Patients with new or worsening of pre-existing infiltration in the chest X-ray and at least two of the symptoms associated with pneumonia (cough, sputum, dyspnoea and pleuritic chest pain) with significant laboratory findings were included. Those with hospital-acquired pneumonia, aspiration pneumonia, pulmonary tuberculosis, pulmonary oedema, and pulmonary thromboembolism were excluded. During the study period, 314 patients diagnosed with pneumonia were recruited. Thirteen patients with hospital-acquired pneumonia and 29 patients with aspiration pneumonia were excluded from the study.

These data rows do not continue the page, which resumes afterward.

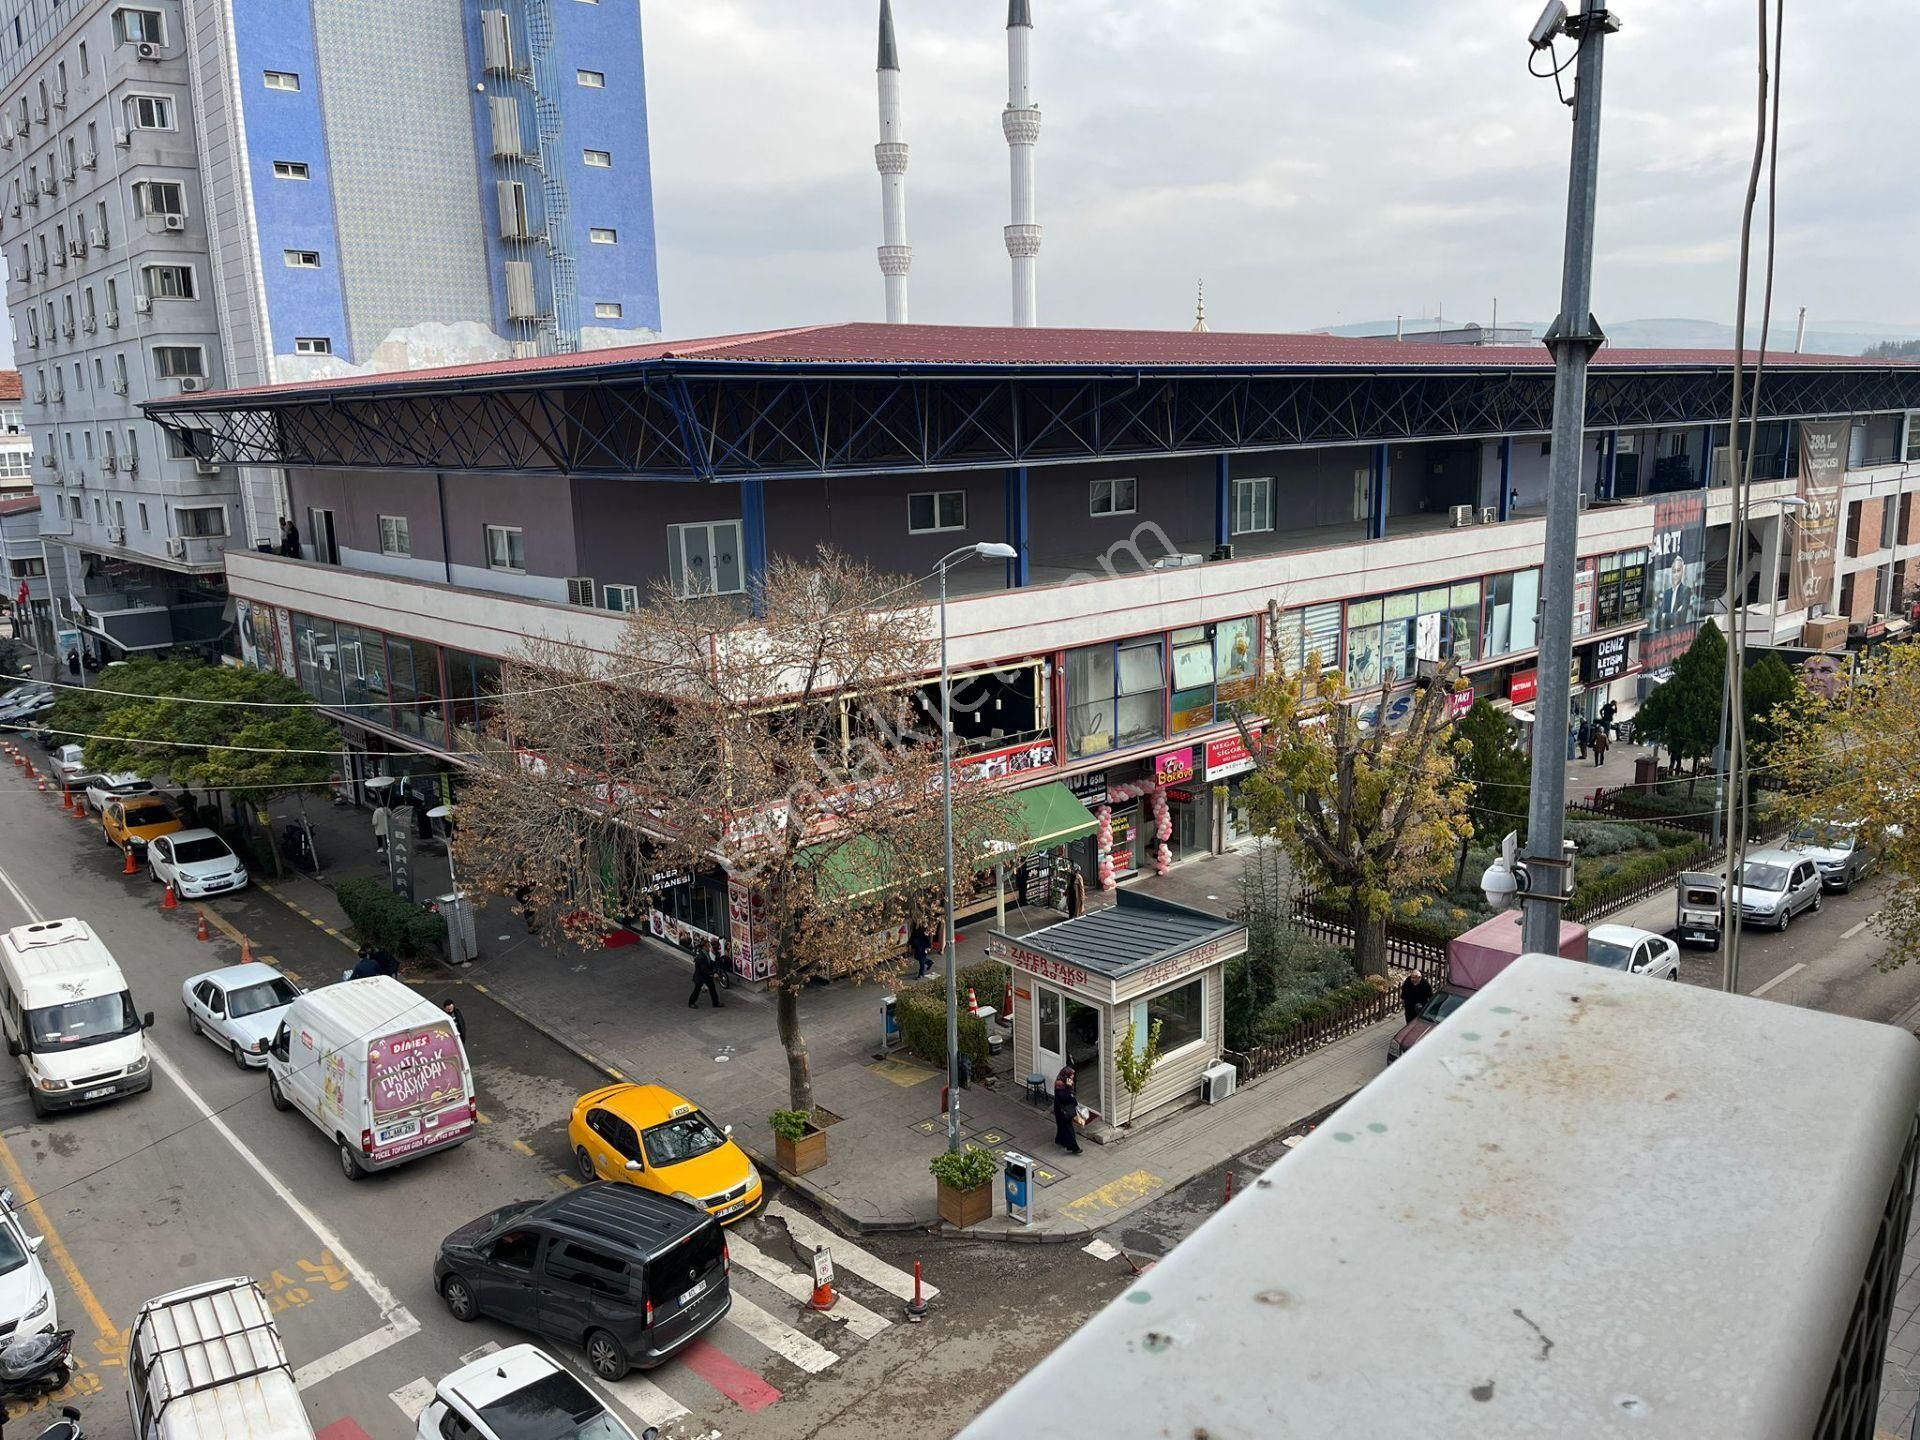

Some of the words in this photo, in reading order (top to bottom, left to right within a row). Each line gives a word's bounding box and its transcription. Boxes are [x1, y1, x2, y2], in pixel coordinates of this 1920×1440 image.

[1598, 636, 1625, 656] DENİZ
[1212, 740, 1235, 751] MEGA
[1216, 746, 1242, 758] SİGOR
[1089, 773, 1105, 786] GSM
[1010, 946, 1047, 971] ZAFER
[1143, 959, 1179, 982] ZAFER
[984, 1133, 1001, 1144] 5
[391, 1143, 411, 1156] TOPTAN

A total of 272 patients who met the criteria were included. Twenty two patients who met the study criteria were lost to follow up. Vital signs, biochemistry, complete haemogram, arterial blood gas values, chest X-ray findings, accompanying diseases, consciousness status, age, gender and treatment of the patients were recorded. CURB-65, PSI, NEWS and NEWS-L scores of the patients were calculated. All variables requiring the calculation of the score systems were obtained from the routine examinations of the patients. Patients who were diagnosed with pneumonia in the emergency department were discharged home, hospitalized into the general ward or admitted into ICU depending on their clinical conditions. The follow up and treatment of patients included in this study were not affected by the risk score calculated. The intensive care admission criteria (threatened airway, respiratory rate ≥40 or ≤8 breaths/min, oxygen saturation <90 per cent on ≥50 per cent, respiratory and cardiac arrests, pulse rate <40 or >140 beats/min, systolic blood pressure <90 mmHg, fall in the level of consciousness, rising arterial carbon dioxide with respiratory acidosis) were used in determining whether intensive care was required. The hospital records and national healthy notification system were used for investigating the outcome at 30 days. Telephone call was made for follow up if no record was found from the above two systems. Calculation of risk scores is shown in [Table 1] and [Table 2].
Table 1: NEWS versus NEWS-L used in the present study

Click here to view
Table 2: CURB-65 and pneumonia severity index

Click here to view


Statistical analysis: Statistical Package for the Social Sciences (SPSS) programme (IBM SPSS Statistics for Windows, version 17.0, SPSS Inc, Chicago, IL) was used to analyze the obtained information. Kolmogorov-Smirnov test was used in groups with >30 patients in the analysis of normality of the data, and the Shapiro-Wilk test was used in those <30. The Mann-Whitney U-test was used to compare data that did not fit the normal distribution, and the Student's t test was used to compare data with a normal distribution.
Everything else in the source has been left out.